Thanks for following up on this! As you say, my primary use for this is to display variable values in the same units as declared by the user. With these additions I can store the original unit and use it for display purposes
struct ScaledQuantity{T,D} <: DQ.AbstractQuantity{T,D}
value::T
dimensions::D
scale::Float64
unit::Union{Nothing, DQ.Quantity}
end
ScaledQuantity(value, dim) = ScaledQuantity(value, dim, 1.0, nothing)
function Base.show(io::IO, q::ScaledQuantity)
expr = DQ.ustrip(q)
if isnothing(q.unit)
print(io, "$(expr / q.scale) [$(DQ.dimension(q))]")
return
end
print(io, "$(expr / q.scale) [$(DQ.dimension(q.unit))]")
end
And then convert to base SI units when calculating scale for the variable
function JuMP.add_variable(
model::JuMP.Model,
x::_ScaledVariable,
name::String,
)
variable = JuMP.add_variable(model, x.variable, name)
q = convert(DQ.Quantity{Float64,DQ.Dimensions}, x.unit)
scale = DQ.ustrip(q)
return ScaledQuantity(scale * variable, DQ.dimension(q), scale, x.unit)
end
Running this produces the desired output
julia> usym = DynamicQuantities.Units.UnitSymbols.uparse
uparse (generic function with 1 method)
julia> m = Model(HiGHS.Optimizer);
julia> @variable(m, x >= 0, usym("m/s"))
x [m s⁻¹]
julia> @variable(m, y >= 0, usym("km/h"))
y [km h⁻¹]
julia> @variable(m, z, Bin, Dimensions())
z []
julia> max_speed = 4u"km/s"
4000.0 m s⁻¹
julia> @constraint(m, x + y <= max_speed * z)
x + 0.2777777777777778 y - 4000 z <= 0 [1.0 m s⁻¹]

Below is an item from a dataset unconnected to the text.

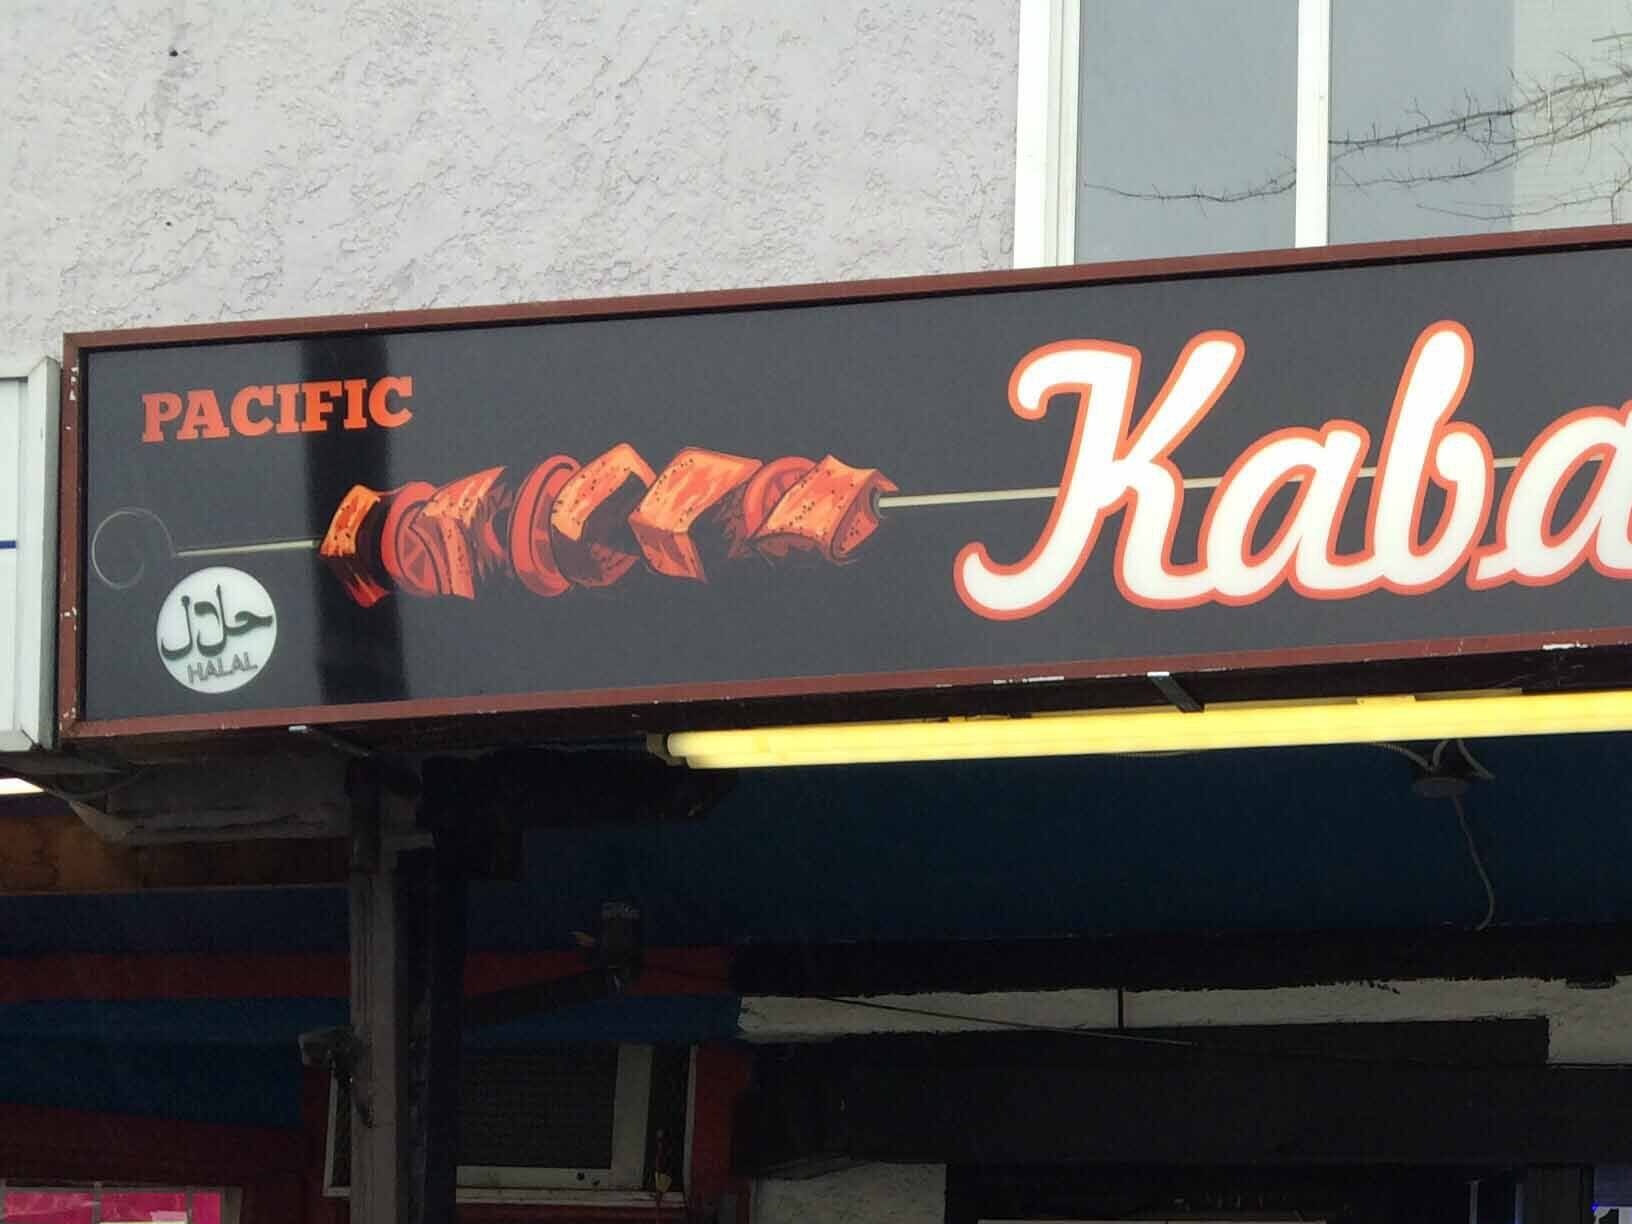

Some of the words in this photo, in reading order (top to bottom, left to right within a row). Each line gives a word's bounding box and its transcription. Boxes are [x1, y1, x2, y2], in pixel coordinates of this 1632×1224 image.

[142, 376, 413, 442] PACIFIC
[161, 584, 273, 661] حلال
[187, 651, 259, 684] HALAL

julia> obj = @objective(m, Max, x + 3y)
0.8333333333333334 y + x [m s⁻¹]
julia> optimize!(m)
julia> println("obj = $(value(obj))")
obj = 12000.0 [m s⁻¹]
julia> println("x = $(value(x))")
x = 0.0 [m s⁻¹]
julia> println("y = $(value(y))")
y = 14400.0 [km h⁻¹]
I think it is not ideal for the user that they need to differentiate between @variable(m, x, u"km/h")
and @variable(m, x, usym("km/h"))
. Should both be allowed, or only the second.
I am off for vacation in a few days, but I will follow up on this. I'll join the JuMPDev in Boston and will try to bring it up as a discussion topic.
Awesome, I am glad it works!
To give you another update, I just refactored UnitDimensions
to use a sparse vector for storage. This means that it is significantly more memory efficient to work with, and startup time is drastically reduced.
julia> q = sym_uparse("5.2*nm * kW * h")
5.2 nm kW h
julia> @btime q^2
85.065 ns (5 allocations: 240 bytes)
27.040000000000003 nm² kW² h²
So it is actually feasible to perform calculations directly with UnitDimensions
. However, note there is no automatic conversion available. So trying to do usym("nm") + usym("m")
would fail as it thinks they are different dimensions. (But this would of course work if you were using u"nm" + u"m"
, as it converts to base units first.)
Regarding
I think it is not ideal for the user that they need to differentiate between
@variable(m, x, u"km/h")
and@variable(m, x, usym("km/h"))
. Should both be allowed, or only the second.
If I were a user, I think I wouldn't see this choice as much of an issue. One automatically converts to SI and the other leaves it, it seems pretty reasonable to have both options.
For consistency, I just exported a@us_str
macro, and now export sym_uparse
. To convert, I also export a function expand_units
which converts to Quantity{<:Any,Dimensions}
automatically. So you can do, e.g.,
julia> using DynamicQuantities
julia> q = 125us"kW*h/day"
125.0 kW h day⁻¹
julia> q2 = q^2 / 5.2
3004.8076923076924 kW² h² day⁻²
julia> expand_units(q2)
5.216680021367522e6 m⁴ kg² s⁻⁶
Unitful has a lot of quirks.
This new package seems a lot simpler: https://discourse.julialang.org/t/ann-dynamicquantities-jl-type-stable-physical-quantities/99963
The author's other work is very solid, so it's a new package, but worth exploring.